As the daughter of one Minneapolis firefighter and the wife of another, Linda DeLude thought she knew the dangers that her husband, Barry, faced on the job.

The flu virus didn't even make the list. Until one day in 2007.

In late January, Barry DeLude and his crew responded to a medical emergency at a nursing home. Two days later, he started feeling achy and complained of the worst headache of his life.

He was a healthy 44-year-old with two jobs, two kids and the strength of an ox. No one, least of all his wife, suspected that a bout of the flu would kill him.

"I hate the word 'flu' because it sounds so innocuous," she says now, 20 months after Barry, her high-school sweetheart, died.
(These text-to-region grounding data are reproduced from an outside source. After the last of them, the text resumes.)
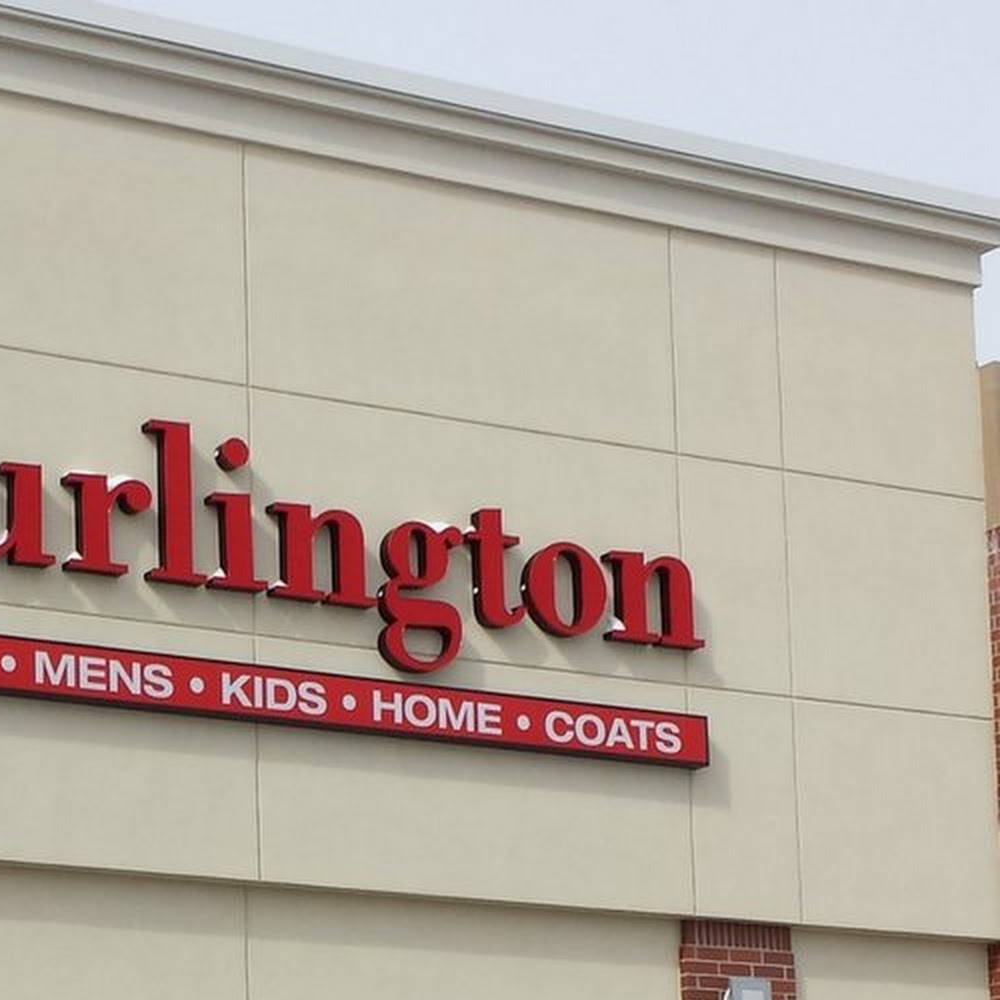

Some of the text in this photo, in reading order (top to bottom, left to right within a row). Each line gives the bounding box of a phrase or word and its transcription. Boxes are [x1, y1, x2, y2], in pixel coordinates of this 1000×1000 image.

[34, 650, 175, 699] MENS
[220, 671, 328, 716] KIDS
[372, 689, 503, 736] HOME
[544, 709, 683, 755] COATS
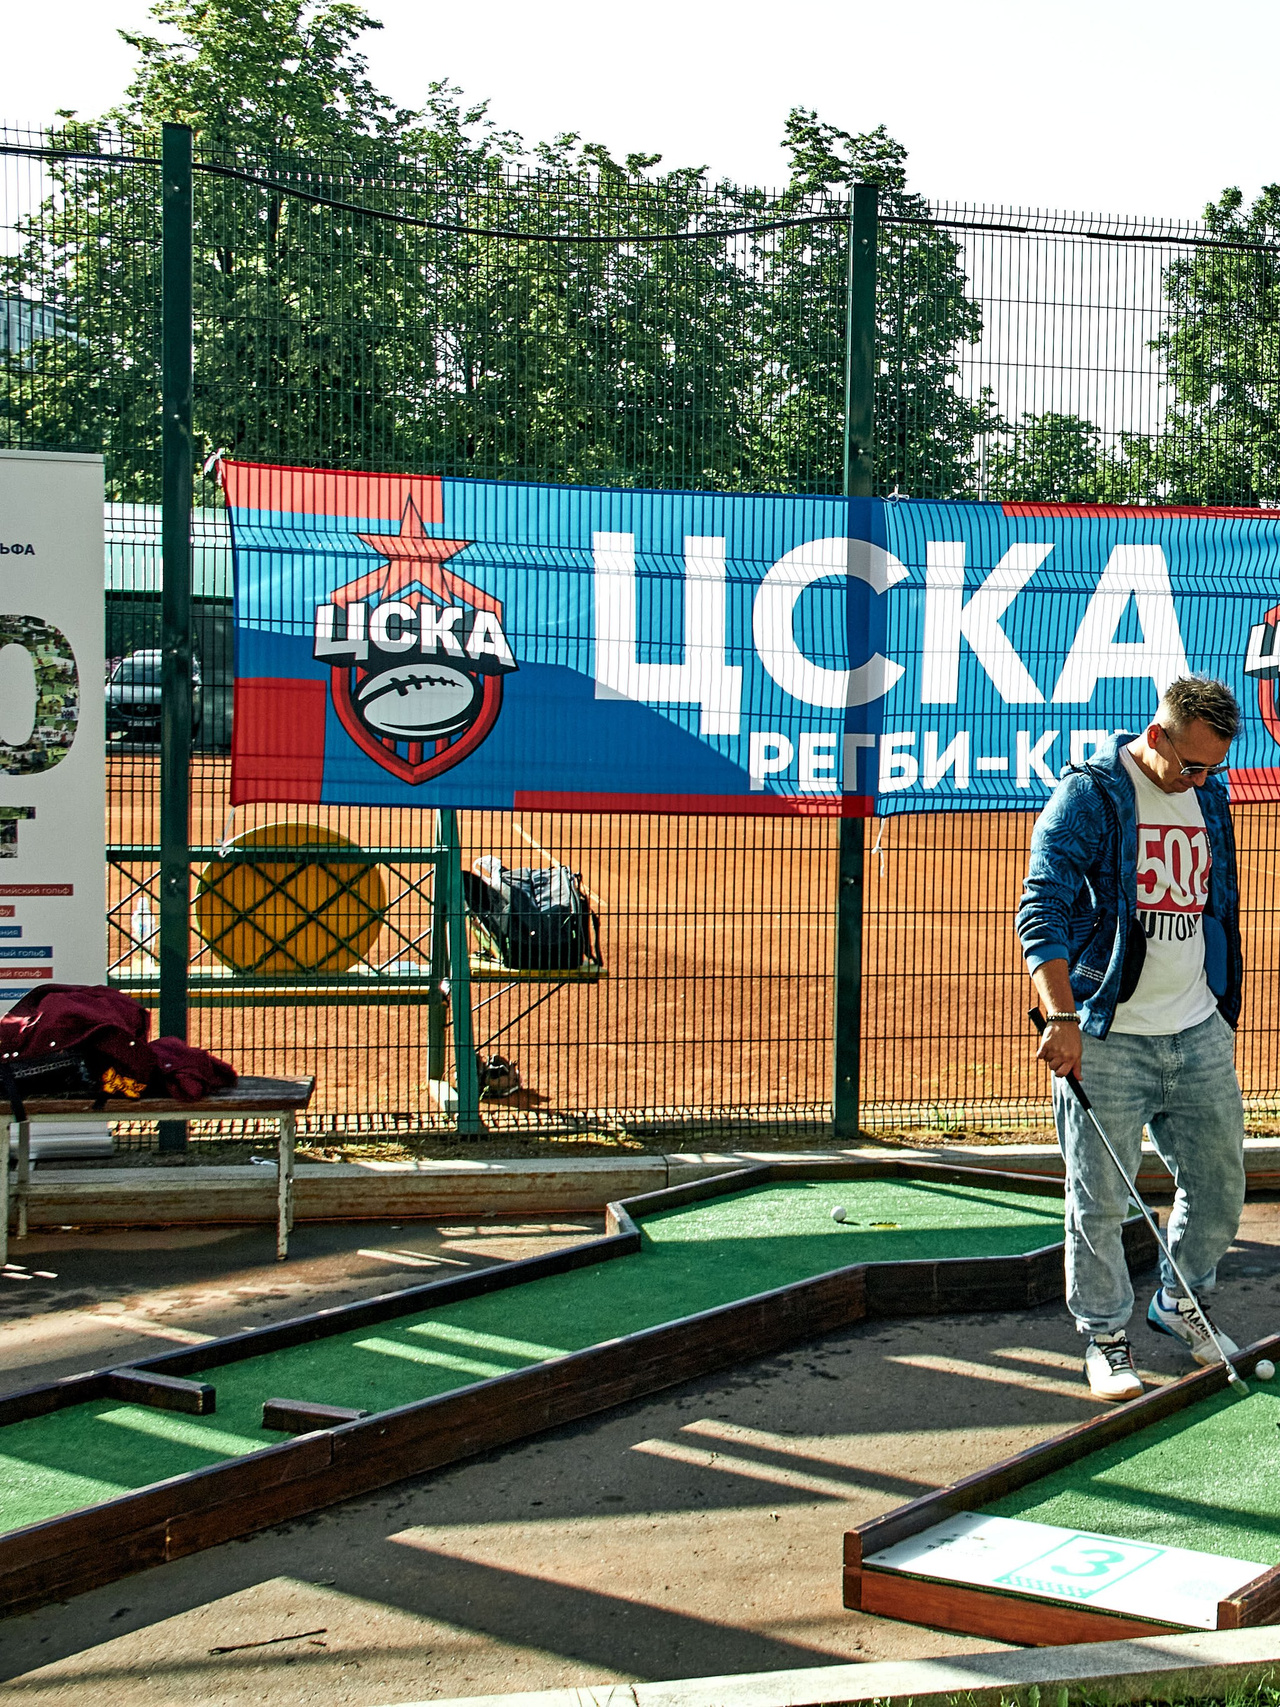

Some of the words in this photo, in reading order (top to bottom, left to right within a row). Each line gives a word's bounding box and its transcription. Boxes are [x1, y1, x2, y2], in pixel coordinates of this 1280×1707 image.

[315, 601, 517, 667] ЦСКА
[592, 531, 1191, 735] ЦСКА
[1050, 1549, 1126, 1577] 3
Looking back, Linda DeLude believes her husband could have survived if he had had a flu shot. Since then she has become something of an evangelist on the subject. "I don't want to see anybody go through what we've gone through," she said.

This fall, she joined a campaign by the American Lung Association, called "Faces of Influenza," sharing her story publicly to encourage people to get vaccinated. She is also volunteering at a flu-shot clinic starting today at a Minneapolis fire station to take the message to her late husband's friends and colleagues. Last fall, she said, "I literally chased some of his friends down the hallway" to make sure they got their shots. "I have no shame," she said. "It would just break my heart to see any of them get super sick."
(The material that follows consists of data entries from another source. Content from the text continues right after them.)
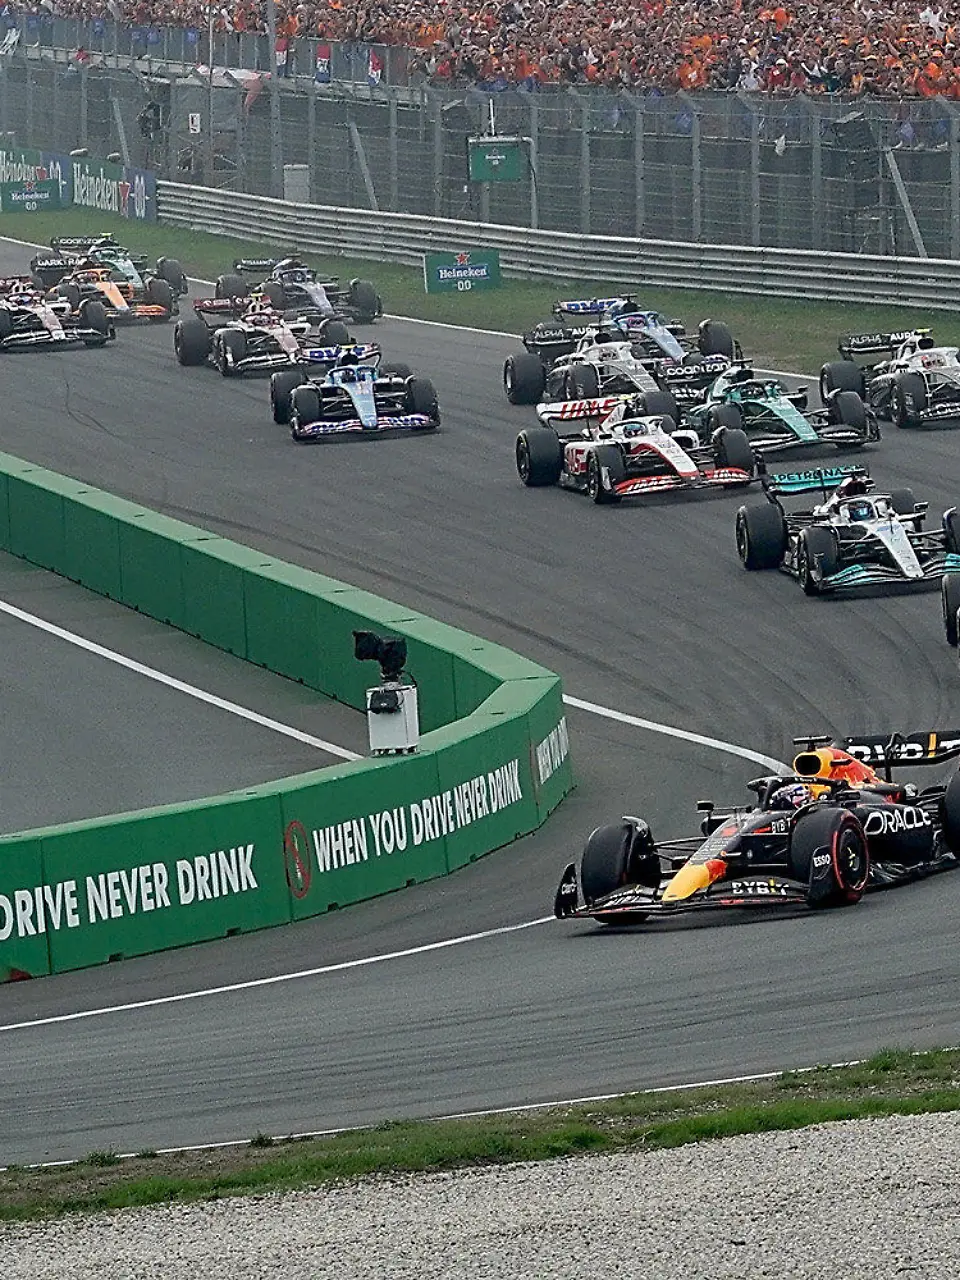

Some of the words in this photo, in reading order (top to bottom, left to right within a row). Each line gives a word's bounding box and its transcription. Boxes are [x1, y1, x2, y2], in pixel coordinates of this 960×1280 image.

[438, 266, 487, 279] Heineken
[312, 817, 369, 873] WHEN
[369, 806, 407, 858] YOU
[410, 790, 456, 846] DRIVE
[453, 775, 490, 829] NEVER
[488, 758, 523, 814] DRINK
[863, 805, 933, 836] ORACLE
[86, 862, 171, 924] NEVER
[176, 844, 258, 906] DRINK
Flu shots weren't even on her radar, she admits, until her husband fell ill.

She had heard the statistics: Every year, an estimated 36,000 Americans die of complications from the flu and more than 200,000 are hospitalized. But like many people, she said, she didn't take the threat personally.
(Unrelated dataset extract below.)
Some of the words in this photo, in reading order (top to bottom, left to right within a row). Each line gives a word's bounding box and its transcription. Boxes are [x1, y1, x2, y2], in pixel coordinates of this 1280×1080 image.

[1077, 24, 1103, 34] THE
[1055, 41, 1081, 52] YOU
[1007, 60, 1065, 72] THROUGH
When her husband woke up on Feb. 2, 2007, feeling lousy and his head throbbing, he insisted on going to work anyway. He returned home at lunchtime "sick as a dog," his wife said, but refused to call a doctor. Two days later, on Super Bowl Sunday, he collapsed in the bathroom. Linda called 911. The emergency responders all knew him and insisted that he go to the hospital. Doctors found that he had not only influenza, but pneumonia and a host of other infections that can flourish in the presence of flu. Sending him home on antibiotics, the doctors told him he'd "have to ride it out." But within two days, he was back in the hospital struggling to breathe. Linda remembers seeing the terror in his "beautiful blue eyes," before he lost consciousness. "He went into the intensive care unit, and he never came home."

His death was caused by an infection in his blood stream, a complication of influenza.

Last month, Barry DeLude was honored at a national ceremony in Colorado Springs for firefighters who have died in the line of duty. Officials determined that he was probably exposed to influenza on the job.

At the home they shared in south Minneapolis, Linda DeLude still wears a bracelet with his name. She points with pride to the coffee table he built by hand, and admits she sometimes talks to his box of ashes, which she keeps on the fireplace mantle. Their sons Jake, 19, and Mark, 17, "miss him desperately," she said. Last Sunday, as she returned alone from a family weekend at Jake's college in Duluth, Linda remembers thinking: "This is ridiculous. Barry should be here with me."

"Of course, I started to cry," she added. "This is something you never get over. You learn how to live with it. Kind of."